(Records from a collection)
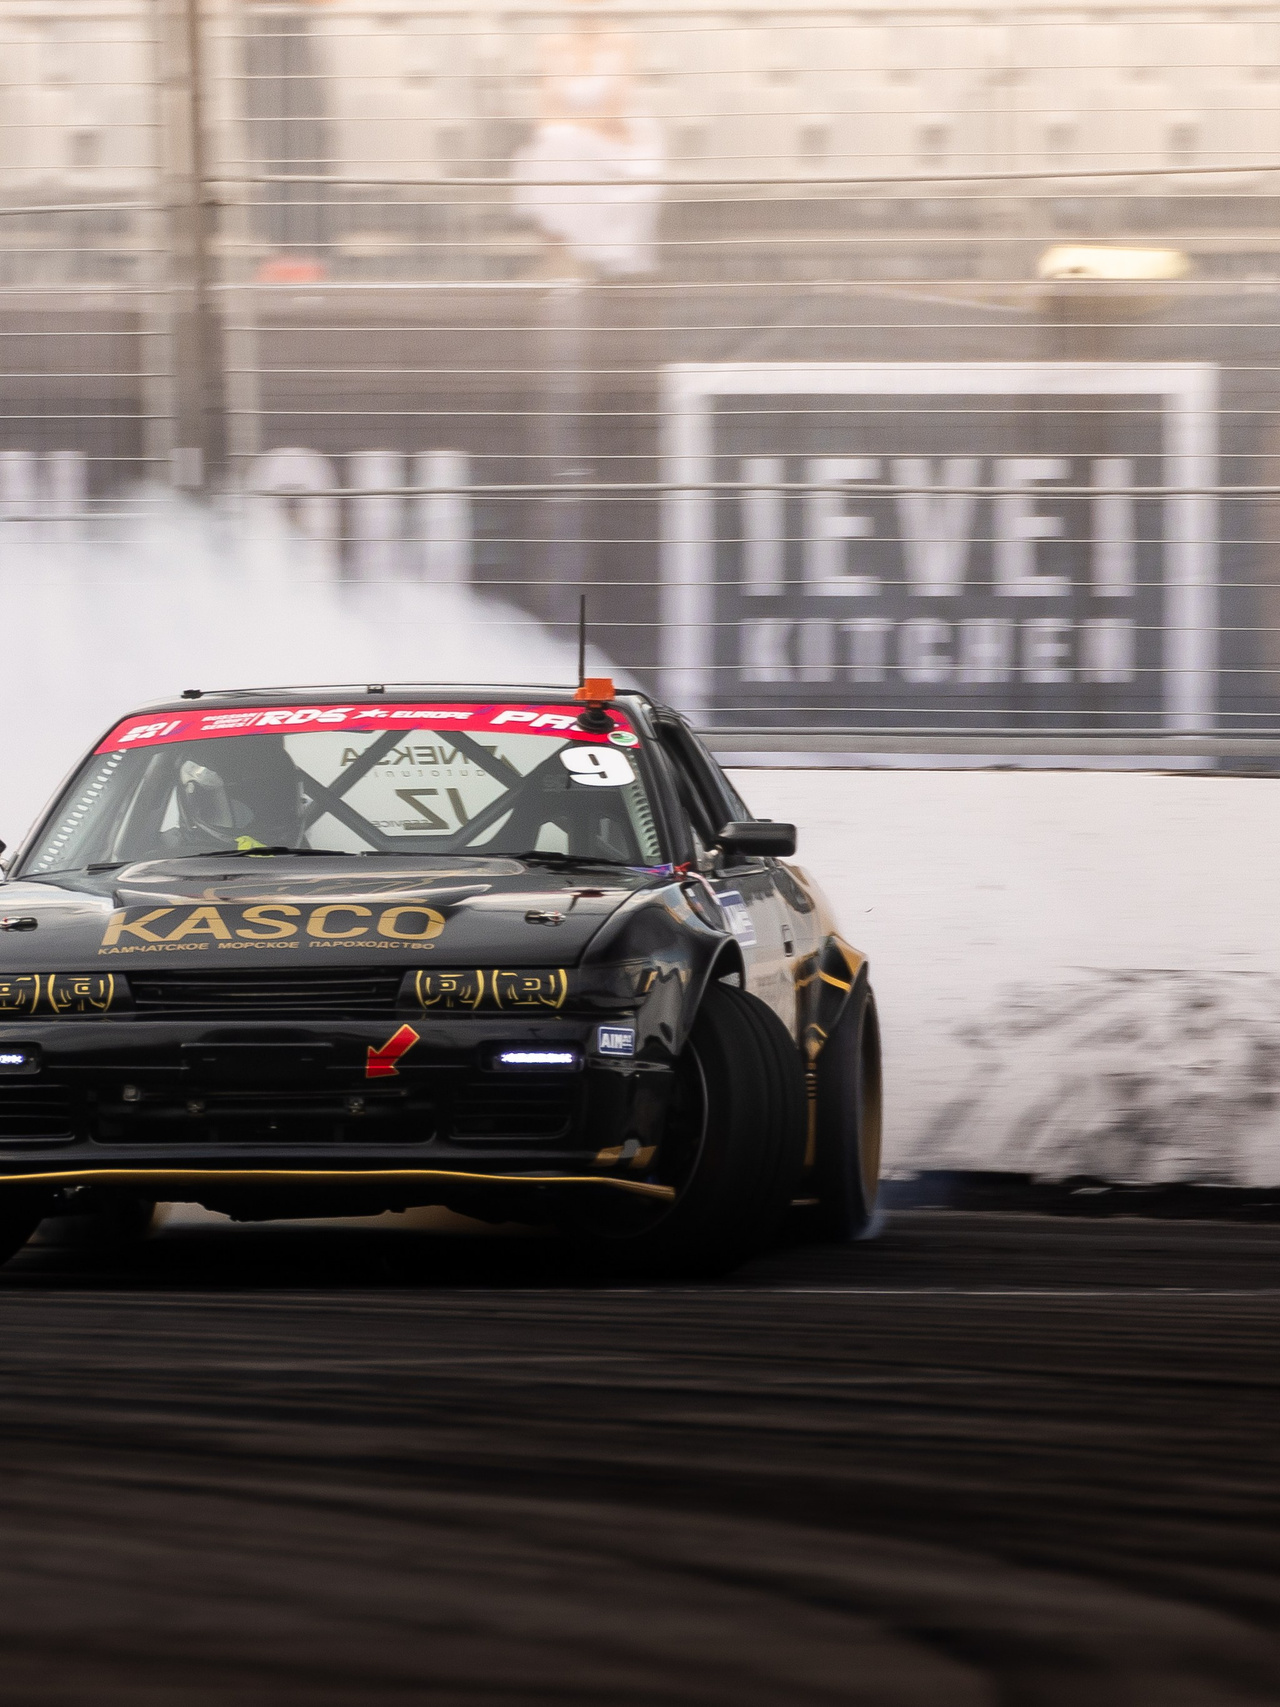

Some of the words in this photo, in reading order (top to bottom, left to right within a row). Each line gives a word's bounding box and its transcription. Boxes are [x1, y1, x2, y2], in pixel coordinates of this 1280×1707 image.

[255, 708, 354, 726] RDS
[389, 709, 474, 720] EUROPE
[489, 710, 620, 732] PR
[559, 746, 636, 787] 9
[101, 904, 446, 946] KASCO
[97, 942, 210, 955] КАМЧАТСКОЕ
[217, 941, 300, 950] МОРСКОЕ
[308, 940, 436, 950] ПАРОХОДСТВО

=== What is expected ===
In your copy, restate the data above word for word but leave out any picture.

=== Answer below ===
Some of the words in this photo, in reading order (top to bottom, left to right within a row). Each line gives a word's bounding box and its transcription. Boxes are [x1, y1, x2, y2], in pixel coordinates of this 1280×1707 image.

[255, 708, 354, 726] RDS
[389, 709, 474, 720] EUROPE
[489, 710, 620, 732] PR
[559, 746, 636, 787] 9
[101, 904, 446, 946] KASCO
[97, 942, 210, 955] КАМЧАТСКОЕ
[217, 941, 300, 950] МОРСКОЕ
[308, 940, 436, 950] ПАРОХОДСТВО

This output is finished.